Coral bajó el tono de la voz para que las doncellas no la oyeran desde la cocina.

—Tienes que contarle lo de la niña — afirmó Emilia, hablando a su vez en susurros—. No puedes esperar a que lo descubra. Amelia es idéntica a su padre y a su tía.

Ésa era una verdad que no podía refutar. Coral se tocó el relicario con el retrato de Amelie que llevaba colgado del cuello, el único recuerdo que le había quedado de Greg, además de su pequeña hija.

—Cuando lo sepa, tendrá que hacer lo correcto.

—¿Lo correcto?

No quería ni imaginar aquella posibilidad. Que Greg estuviese dispuesto a pedirla en matrimonio y darle su apellido a su hija sólo porque era lo correcto, sólo por cuestión de moral, le resultaba más cruel que pensar, como había pensado todo aquel tiempo, que nunca volvería a verle.

—Es un caballero.

—Tía Emilia, yo no podría.

—Por supuesto que puedes. Tienes que pensar en Amelia; no se trata sólo de ti.

—Pero él se marchará para seguir buscando a su hermana.

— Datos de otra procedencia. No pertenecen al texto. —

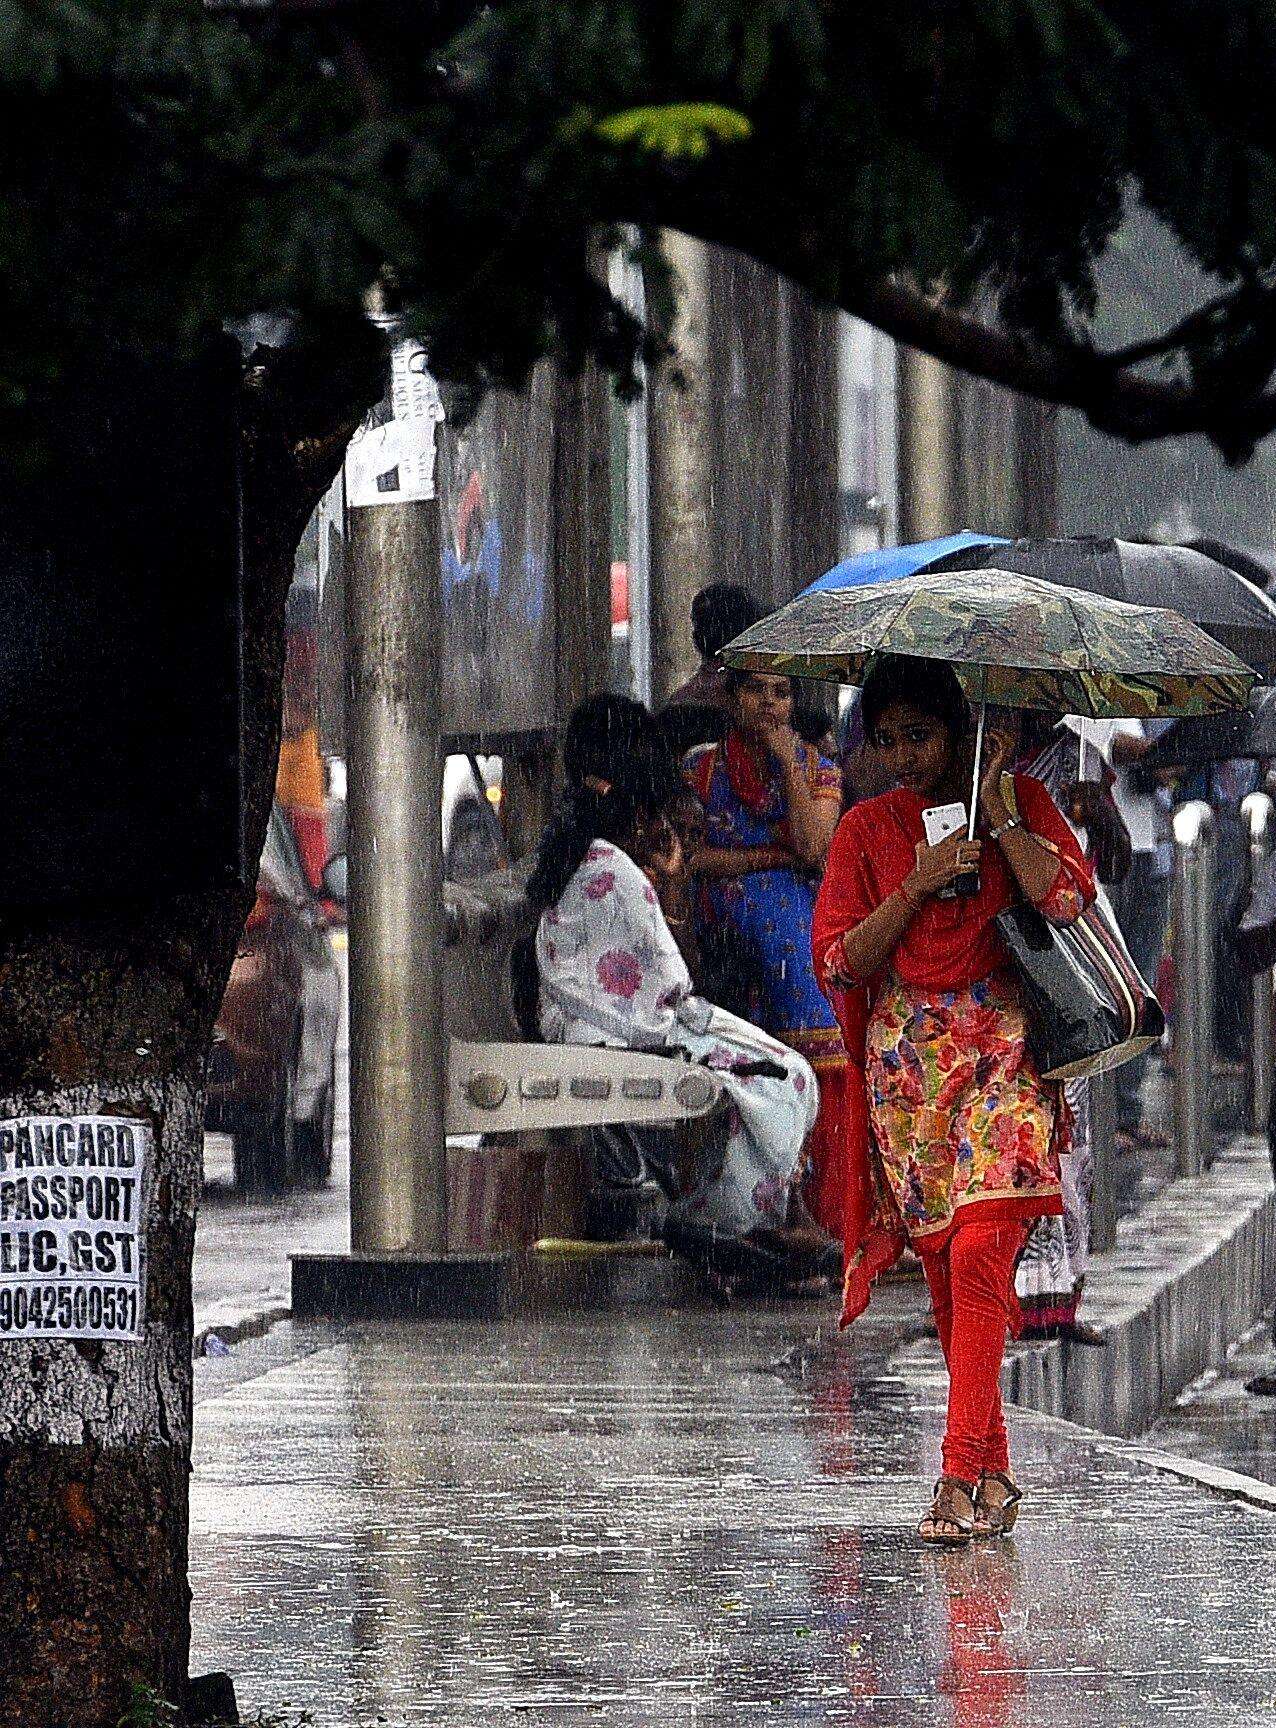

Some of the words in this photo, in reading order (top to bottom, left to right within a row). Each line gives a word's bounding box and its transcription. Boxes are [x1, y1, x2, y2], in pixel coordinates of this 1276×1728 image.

[0, 1121, 135, 1171] PANCARD
[0, 1175, 136, 1222] PASSPORT
[0, 1286, 137, 1331] 9042500531

—No se irá de momento. Ha pagado por la habitación grande del segundo piso. Una semana por adelantado. Creo que pretende buscar a fondo en el pueblo y en los alrededores, hasta encontrar a alguna persona que le pueda dar noticias de su hermana.

—¿Se va a quedar aquí?

Coral miró atónita a su tía. Emilia podía ser la mujer más dulce y maternal del mundo, y a la vez, firme y severa, como si dirigiera un gran hotel en lugar de aquella pequeña pensión.

—Por supuesto que se va a quedar, y bien que nos viene su buen dinero americano. Ya lo sabes: tienes una semana para solucionar tu vida de una vez por todas.

Dicho eso, Emilia volvió a la cocina, donde dio órdenes a las dos doncellas para que espabilaran o no estaría la cena lista a su hora. Coral se quedó aún varios minutos en el pasillo, con los pies clavados en el suelo y la mente muy lejos, sobrepasada por los acontecimientos de aquel interminable día.